Il primo tentativo non fu cosi fortunato, Johnson si è rifiutato categoricamente di parlare con l’agente di polizia e non ha nemmeno aperto la porta della sua capanna. La seconda volta è andata addirittura peggio, Johnson ha immediatamente iniziato a sparare alla polizia attraverso la porta, ferendo uno di loro.

La terza volta, le guardie sono andate alla capanna del ragazzo ostile armati di dinamite. Ma, nonostante l’assedio, che si concluse con la completa distruzione della capanna, Johnson non fu mai catturato.

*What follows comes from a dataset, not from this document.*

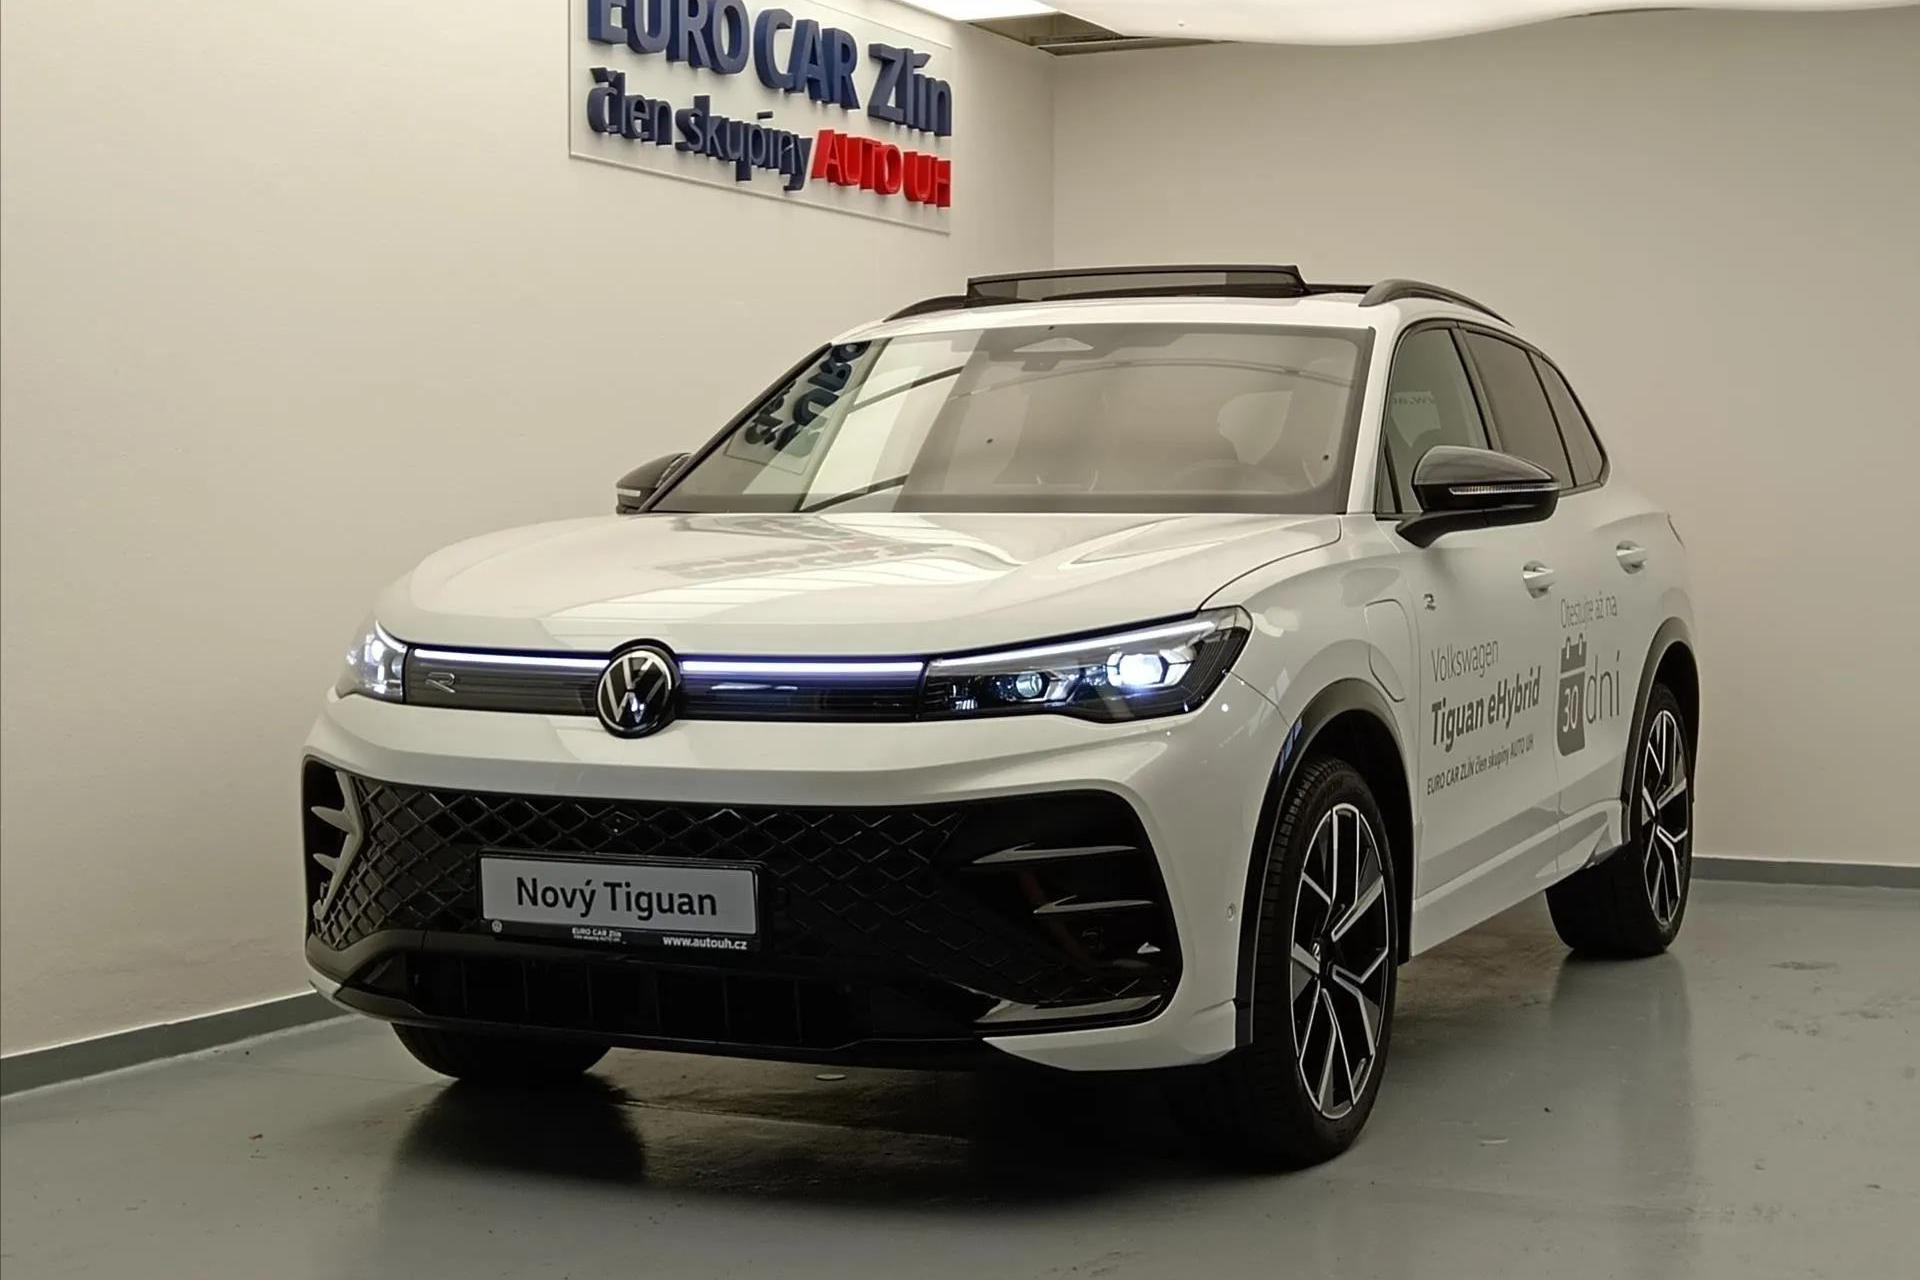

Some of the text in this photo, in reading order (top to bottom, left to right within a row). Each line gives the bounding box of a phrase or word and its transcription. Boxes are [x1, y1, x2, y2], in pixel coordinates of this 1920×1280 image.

Mad Hunter ucciso dalla polizia

Ciò che resta della capanna del cacciatore pazzo

Questo pazzo è scappato dalla polizia rifugiandosi in luoghi selvaggi e gelati per una settimana. Alla fine, davanti agli occhi attoniti delle forze dell’ordine, si arrampicò su una ripida scogliera, aggrappandosi alle pietre a mani nude, e scomparve.

Esausta dal lungo inseguimento e scioccata dalla fantastica capacità di sopravvivenza di Johnson, la polizia ha noleggiato un piccolo aereo per continuare la ricerca. Il fuggitivo è stato trovato 40 giorni dopo, a 140 chilometri dalla scogliera dove era stato visto l’ultima volta. Là è stato colpito.

Durante l’intero confronto con la polizia, nessuno ha sentito una sola parola da Johnson. Anche sul suo passato non è stato possibile scoprire nulla, nonostante tutti gli sforzi degli investigatori.

I resti del cacciatore pazzo furono sepolti vicino al remoto villaggio canadese di Aklavik, issando un cartello approssimativamente acciottolato sulla tomba con una descrizione della storia che abbiamo delineato qui. Questo segno è sopravvissuto fino ad oggi.

Distintivo sulla tomba del cacciatore pazzo

Forse questa è l’unica traccia lasciata da un uomo di nome Albert Johnson.